Archive for March, 2024



Case study: extreme slowness during report design

Sunday 3 March 2024 @ 8:06 pm

One of my customers has many complex reports that we have created over the years. In the past few weeks one of the reports started behaving oddly. Opening the report with only 55 records of saved data caused Crystal to freeze for 8 minutes (not responding). Making a simple change in preview, like moving or sizing a field, would cause a similar freeze. The report wasn’t accessing the database so I wasn’t sure what was causing the delay. The report uses several arrays and some looping logic so a glitch in a formula could theoretically cause extra processing time.

As a test, we opened an earlier version of the same report. We found that this version behaved normally.  I took the two versions, exported them both to “Report Definition” format, and then did a text comparison of the two files.  This showed me all the formula changes we made to get to the current version. I added all those same changes to the old report, one at a time, to see if I could identify a specific change that cause the odd behavior.  When I was done the old version was virtually identical to the current version and was still behaving normally.

To confirm they were the same, I also compared the output of the two reports.  This time I exported the report output of both reports to text files. I did another text compare and found the output was also identical. This confirmed that the issue was the result of a glitch in the report file itself, some internal corruption that didn’t prevent the report from running.  Not sure I have seen that before.  Since we now had a working version we just scrapped the faulty report and went forward with report that worked.

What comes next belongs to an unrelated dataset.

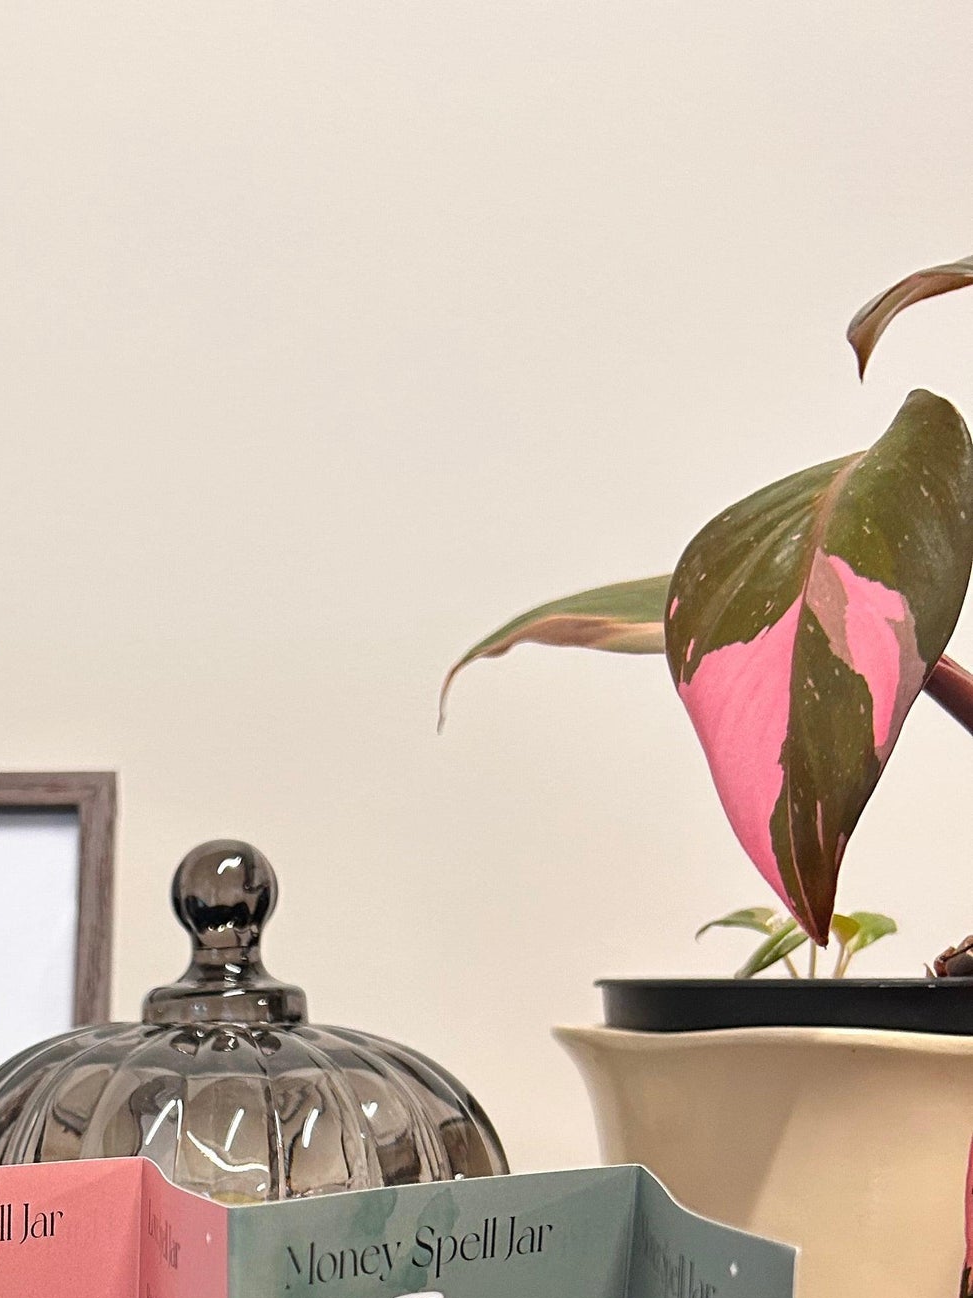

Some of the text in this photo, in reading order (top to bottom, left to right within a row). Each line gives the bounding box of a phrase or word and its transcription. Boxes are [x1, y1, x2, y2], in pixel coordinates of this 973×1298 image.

The main lesson in this, other than sharing the process, is the value of having historical versions of reports. The prior version gave us a window into when the glitch occurred and allowed us to recover without starting from scratch.

Even on simple modifications, I usually rename a report before making changes.  When problems show up I can run the original to determine if the issue was already in the original or was the result of the changes.  For a single update I might just add my initials to the modified report. For long development projects I like to add a sequence number to the end of the file name (01,02,etc.).  Some users prefer to add dates in the file name but I prefer shorter file names that sort cleanly.  The modification date is always visible in the folder.